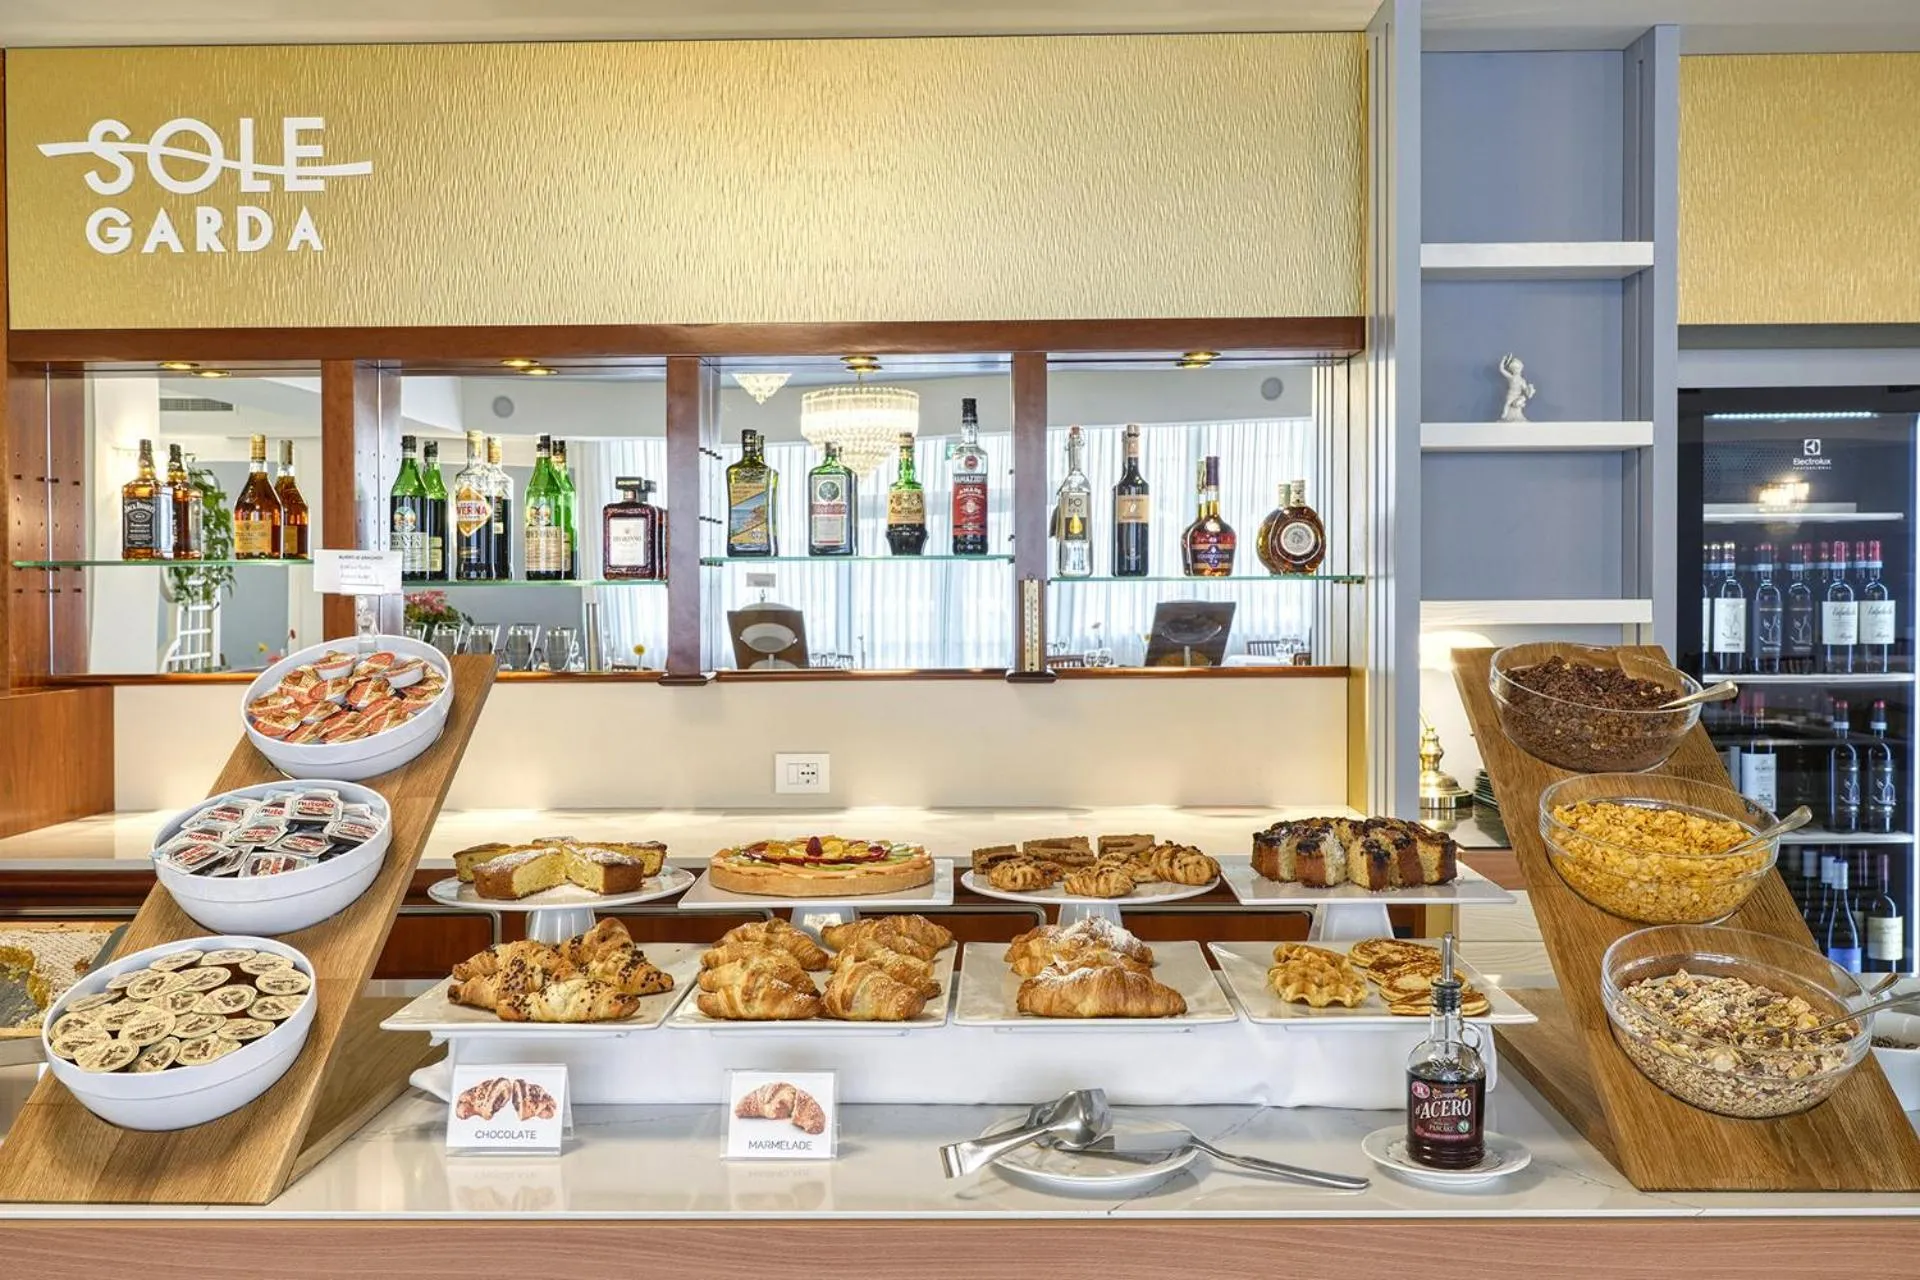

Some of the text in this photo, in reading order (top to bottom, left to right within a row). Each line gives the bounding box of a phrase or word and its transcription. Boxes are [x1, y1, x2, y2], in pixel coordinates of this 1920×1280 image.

[84, 117, 326, 196] SOLE
[85, 205, 325, 254] GARDA
[1793, 456, 1832, 466] Electrolux
[456, 506, 488, 516] VERNA
[297, 800, 336, 810] nutella
[1415, 1098, 1473, 1120] d'ACERO
[474, 1129, 537, 1141] CHOCOLATE
[747, 1139, 813, 1152] MARMELADE
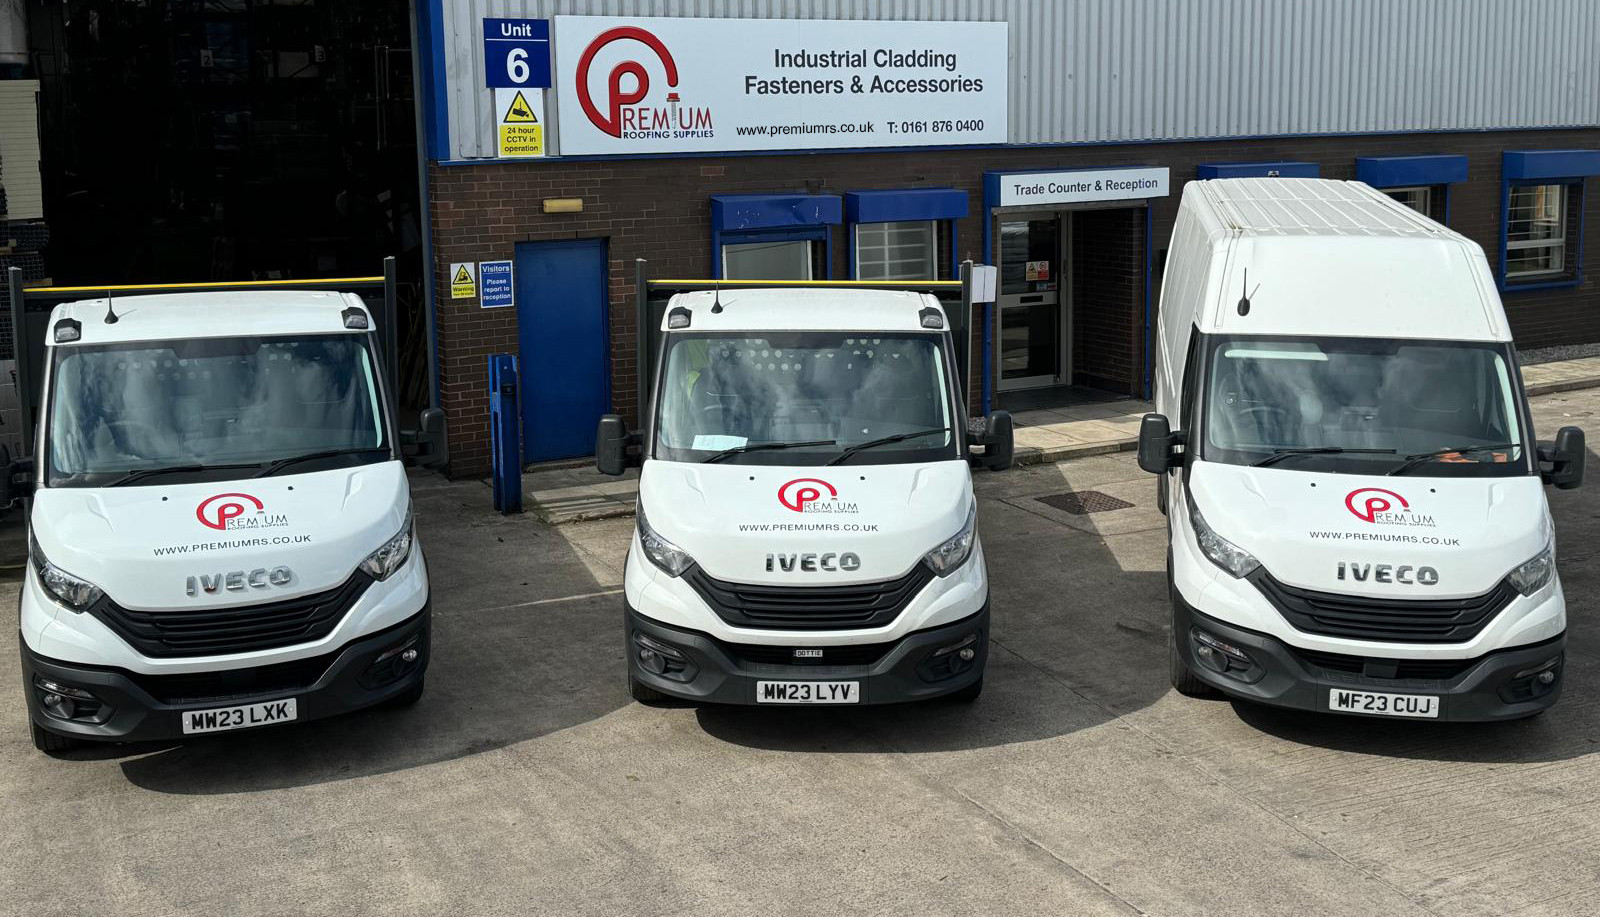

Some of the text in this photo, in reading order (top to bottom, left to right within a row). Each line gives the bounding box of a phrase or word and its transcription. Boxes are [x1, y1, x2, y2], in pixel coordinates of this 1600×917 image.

[501, 23, 532, 37] Unit
[506, 47, 530, 84] 6
[775, 49, 957, 72] Industrial Cladding
[744, 75, 984, 94] Fasteners & Accessories
[623, 130, 714, 139] ROOFING SUPPLIES
[736, 120, 984, 137] www.premiumrs.co.uk T: 0161 876 0400
[504, 145, 539, 153] operation
[1014, 178, 1158, 196] Trade Counter & Reception
[483, 293, 511, 301] reception
[739, 524, 879, 532] WWW.PREMIUMRS.CO.UK
[153, 534, 311, 556] WWW.PREMIUMRS.CO.UK
[1309, 531, 1460, 546] WWW.PREMIUMRS.CO.UK
[765, 552, 861, 572] IVECO
[186, 565, 292, 596] IVECO
[1337, 561, 1439, 586] IVECO
[764, 684, 850, 700] MW23 LYV
[1338, 692, 1430, 713] MF23 CUJ
[191, 702, 288, 730] MW23 LXK
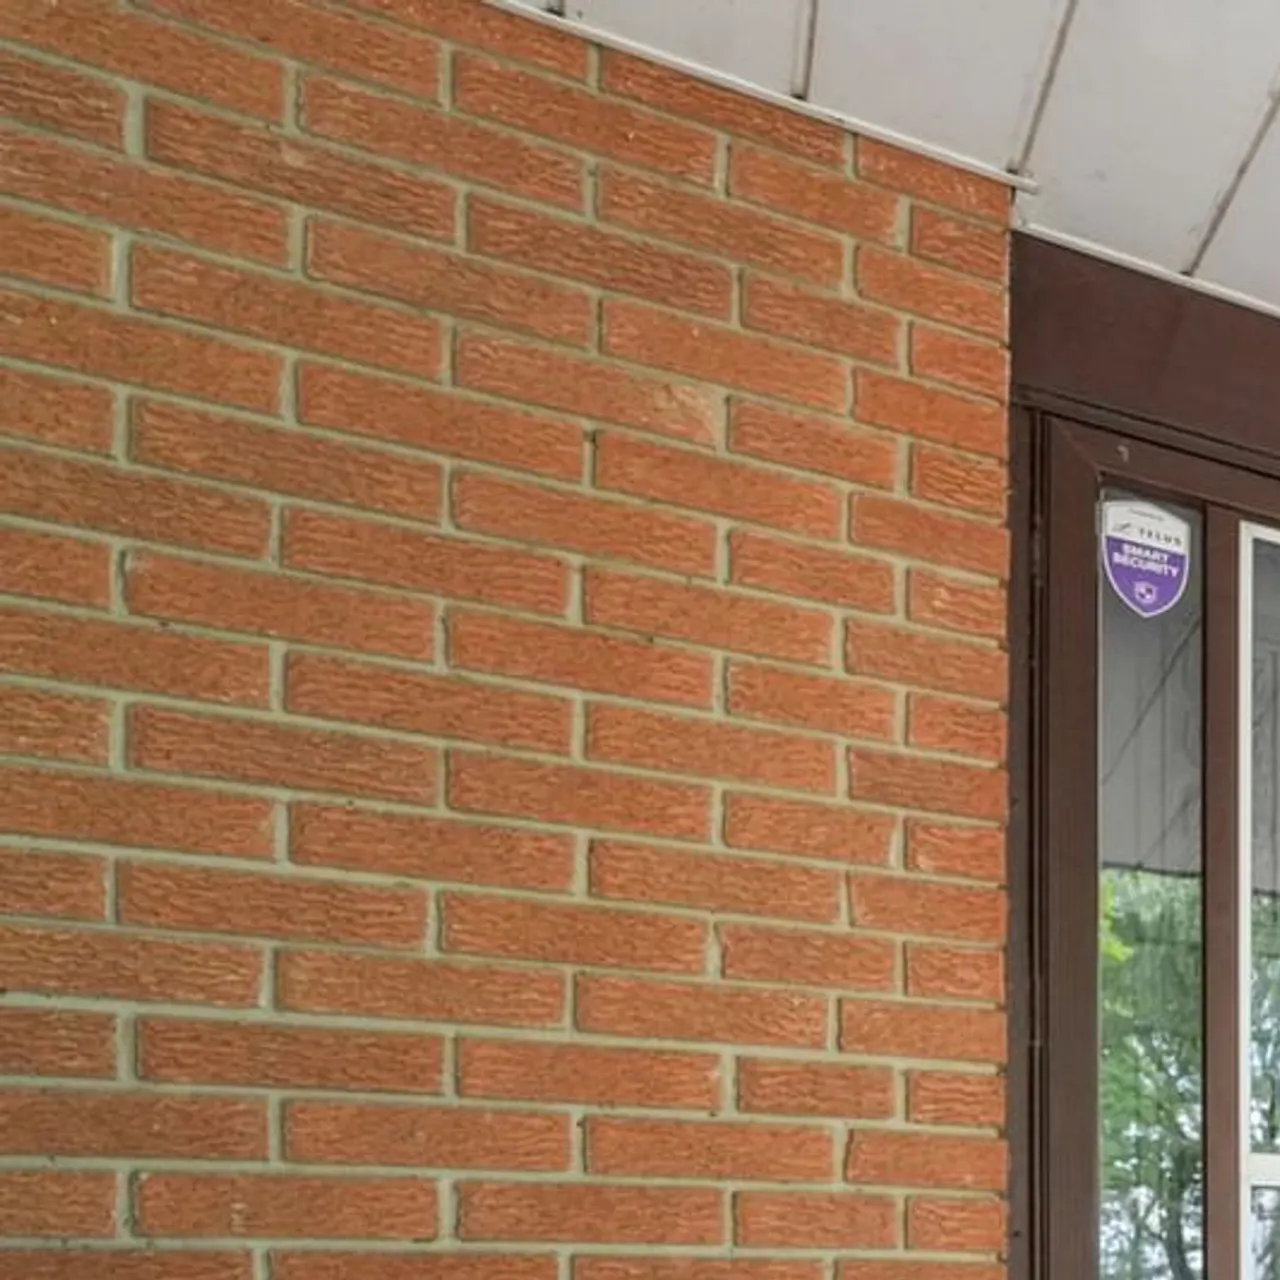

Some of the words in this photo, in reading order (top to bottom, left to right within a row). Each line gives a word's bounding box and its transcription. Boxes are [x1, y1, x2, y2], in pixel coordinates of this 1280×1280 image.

[1139, 527, 1182, 546] TELUS
[1122, 543, 1168, 561] SMART
[1112, 551, 1179, 577] SECURITY

Brief: From the first line to the last, set down the records exactly, leaving out images.

Task output:
Some of the text in this photo, in reading order (top to bottom, left to right within a row). Each line gives the bounding box of a phrase or word and its transcription. Boxes are [x1, y1, x2, y2], in pixel coordinates of this 1920×1280 image.

[84, 117, 326, 196] SOLE
[85, 205, 325, 254] GARDA
[1793, 456, 1832, 466] Electrolux
[456, 506, 488, 516] VERNA
[297, 800, 336, 810] nutella
[1415, 1098, 1473, 1120] d'ACERO
[474, 1129, 537, 1141] CHOCOLATE
[747, 1139, 813, 1152] MARMELADE

Some of the text in this photo, in reading order (top to bottom, left to right within a row). Each line gives the bounding box of a phrase or word and its transcription. Boxes are [x1, y1, x2, y2], in pixel coordinates of this 1600×917 image.

[501, 23, 532, 37] Unit
[506, 47, 530, 84] 6
[775, 49, 957, 72] Industrial Cladding
[744, 75, 984, 94] Fasteners & Accessories
[623, 130, 714, 139] ROOFING SUPPLIES
[736, 120, 984, 137] www.premiumrs.co.uk T: 0161 876 0400
[504, 145, 539, 153] operation
[1014, 178, 1158, 196] Trade Counter & Reception
[483, 293, 511, 301] reception
[739, 524, 879, 532] WWW.PREMIUMRS.CO.UK
[153, 534, 311, 556] WWW.PREMIUMRS.CO.UK
[1309, 531, 1460, 546] WWW.PREMIUMRS.CO.UK
[765, 552, 861, 572] IVECO
[186, 565, 292, 596] IVECO
[1337, 561, 1439, 586] IVECO
[764, 684, 850, 700] MW23 LYV
[1338, 692, 1430, 713] MF23 CUJ
[191, 702, 288, 730] MW23 LXK

Some of the words in this photo, in reading order (top to bottom, left to right within a row). Each line gives a word's bounding box and its transcription. Boxes are [x1, y1, x2, y2], in pixel coordinates of this 1280×1280 image.

[1139, 527, 1182, 546] TELUS
[1122, 543, 1168, 561] SMART
[1112, 551, 1179, 577] SECURITY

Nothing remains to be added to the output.